Study Finds a Steep Chilling Effect
According to the UC Irvine Social Impact Hub report, published Jan. 21, 2026, researchers surveyed 375 Orange County business owners and paired those responses with high-frequency cell phone mobility and spending datasets. They estimated neighborhood spending declines of roughly 20 to 25 percent after May 15, 2025. The paper compares the same eight-week windows in 2024 and 2025 and describes the shift as a measurable “chilling effect” on foot traffic and retail purchases.

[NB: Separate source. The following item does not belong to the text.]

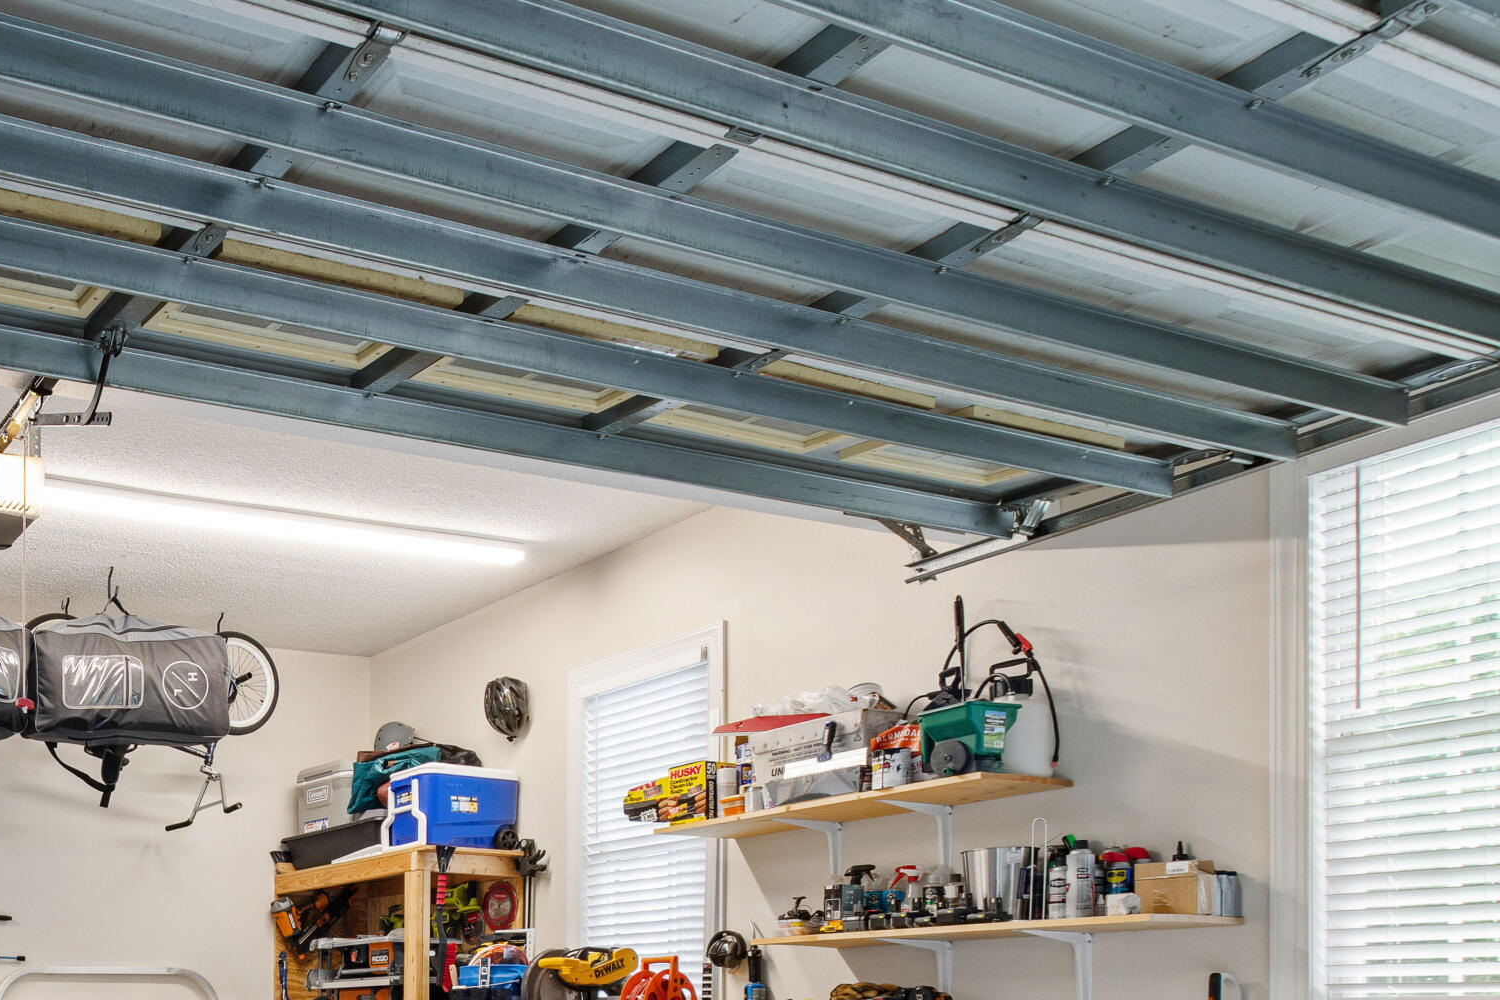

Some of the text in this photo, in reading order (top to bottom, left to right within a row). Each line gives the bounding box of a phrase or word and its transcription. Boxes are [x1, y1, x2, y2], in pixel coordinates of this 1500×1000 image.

[670, 764, 702, 780] HUSKY
[706, 763, 717, 775] 50
[771, 767, 784, 777] UN

How Researchers Measured the Hit
The research team matched SpendGraph spending metrics and Advan mobility data with survey responses, then checked those patterns against tax records to size up countywide impacts. As summarized by the Great Cities Institute, the multi-source analysis produced the $58.9 million estimate in lost economic output and the roughly $4.5 million decline in sales tax receipts for the eight weeks. The authors describe the findings as preliminary but note that the trends line up across the different datasets.
Small Businesses on the Ground
On Santa Ana’s Fourth Street, the numbers landed with a grim sense of déjà vu. As reported by LAist, boutique owner Alejandra Vargas said she lost about 80 percent of her walk-in customers after enforcement ramped up and has scrambled to keep her shop alive with paint-and-sip nights and online sales. “Where we're at on Fourth Street, it's still empty,” Vargas told the outlet, stressing that fear, not just missing workers, has drained demand. Her story mirrors themes that surfaced repeatedly in the countywide survey responses.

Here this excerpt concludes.